Anna Sutter (26 November 1871 – 29 June 1910) was a Swiss operatic soprano. Born in Wil, she earned a diploma in piano performance from the Bern Conservatory before studying singing in Munich. She made her debut at the Volkstheater in Munich in 1892. From 1892 to 1895, she was committed to the Stadttheater von Augsburg. From 1895 until her death 15 years later she was a member of the Staatsoper Stuttgart. During her career she also performed as a guest artist at the Bavarian State Opera, the Berlin State Opera, and the Frankfurt Opera among others. Her repertoire included Sieglinde in Richard Wagner's The Ring Cycle and the title role in Richard Strauss' Salome.

== Personal life ==
Her career was cut short when she was murdered by conductor Aloys Obrist in her Stuttgart apartment.
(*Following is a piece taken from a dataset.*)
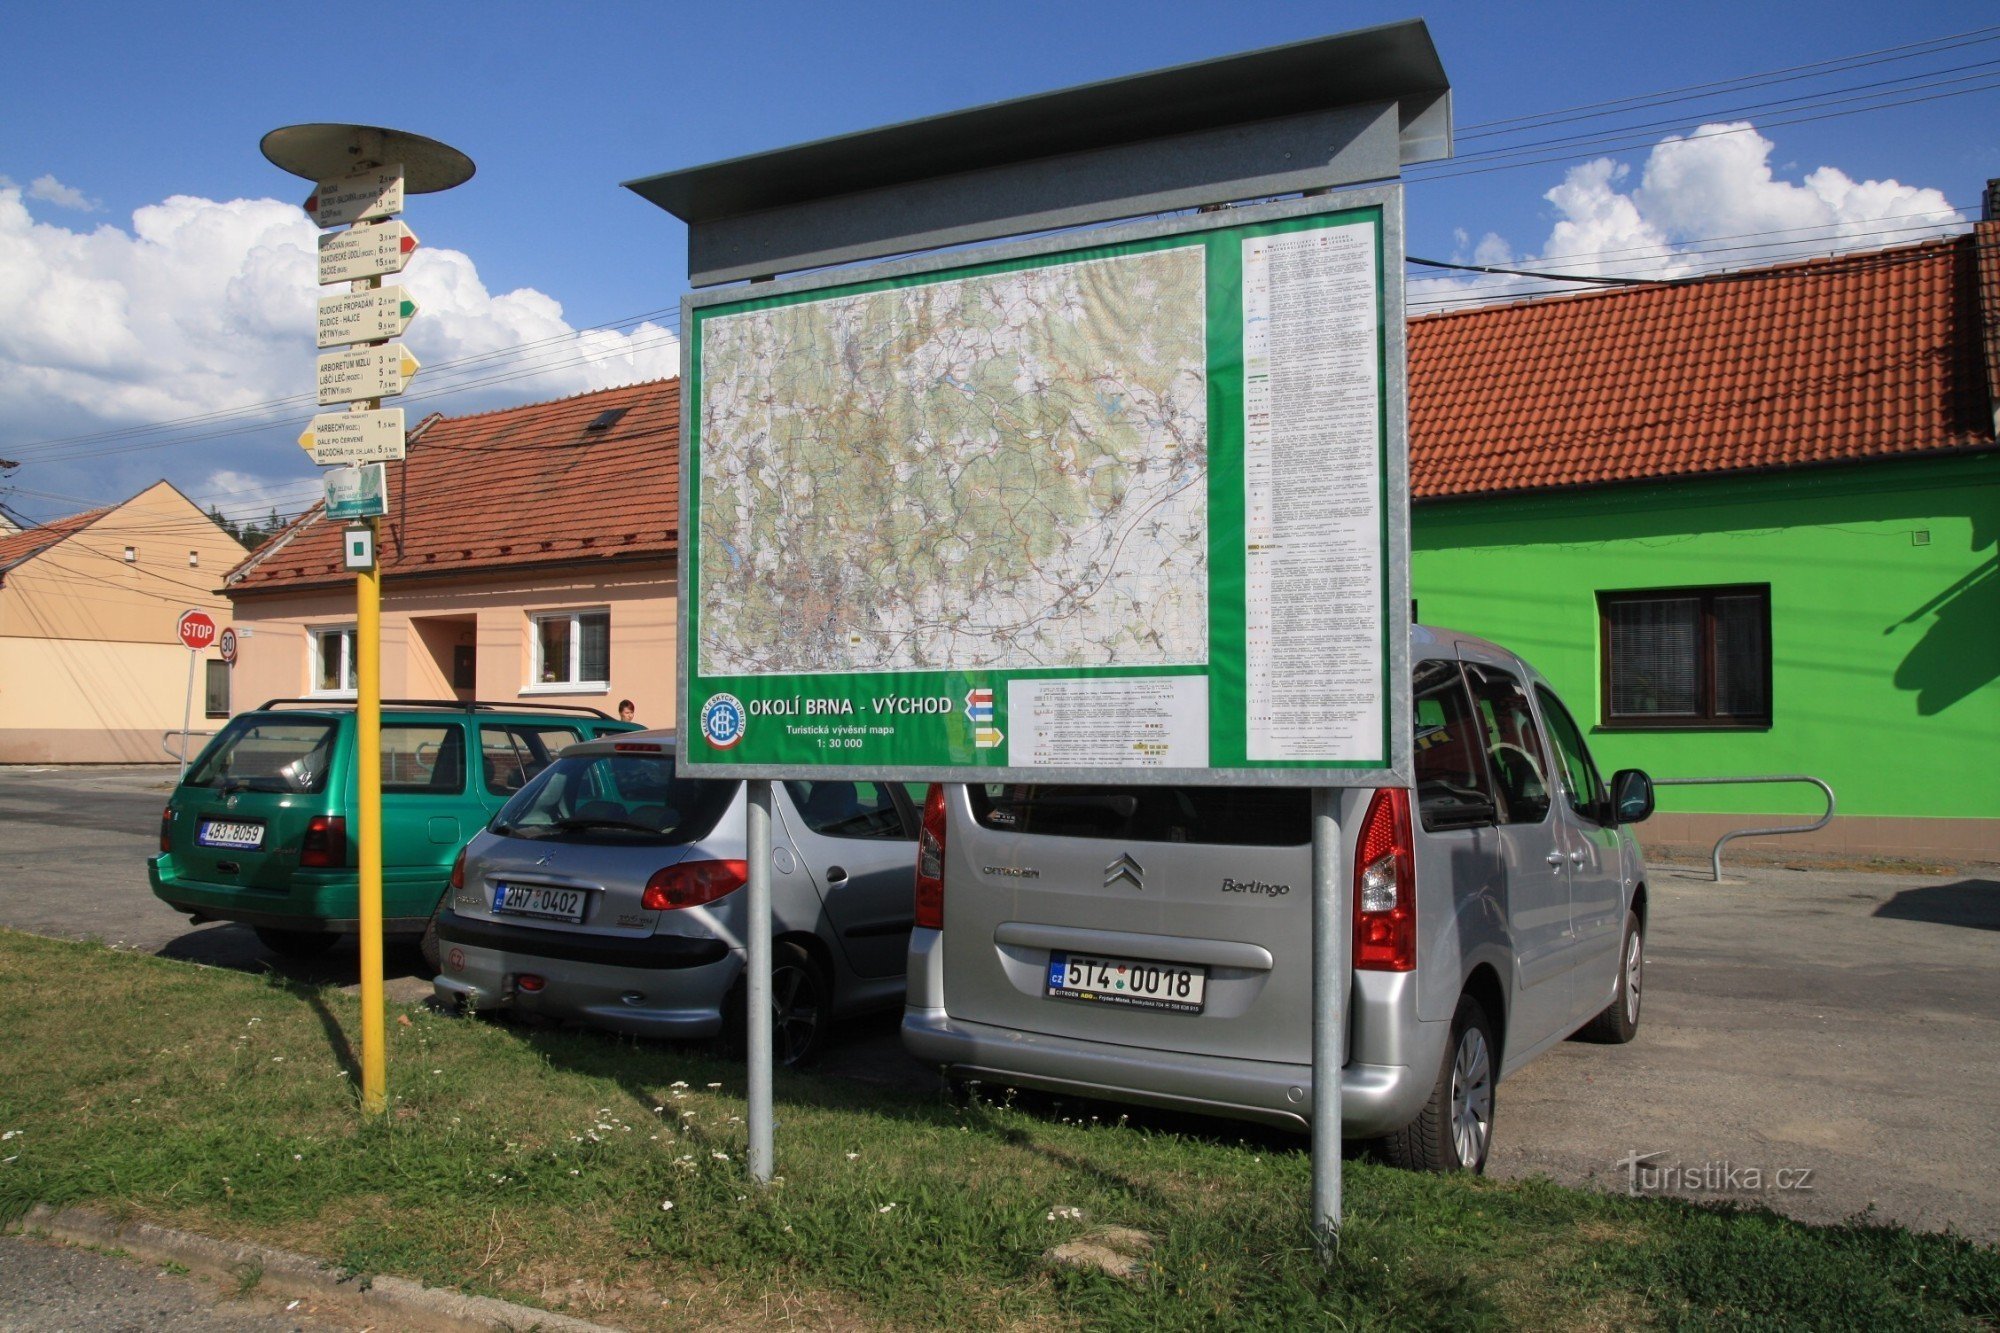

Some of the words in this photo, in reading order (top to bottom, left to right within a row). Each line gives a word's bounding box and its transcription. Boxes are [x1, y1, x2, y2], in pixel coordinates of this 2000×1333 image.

Sutter's obituary compared her life to that of Salome, claiming “She was a natural, full of unmediated, effervescent temperament; she lived the roles she played.”
Prior to her death, she had broken off a romantic relationship with Obrist and become involved with the bass-baritone Albin Swoboda, Jr. who was just 17 years old at the time.

Unusual for an unmarried woman at that time she gave birth to a daughter in 1900 (from Hans Freiherr von Entress-Fürsteneck) and to a son in 1902 (from Hugo Reichenberger).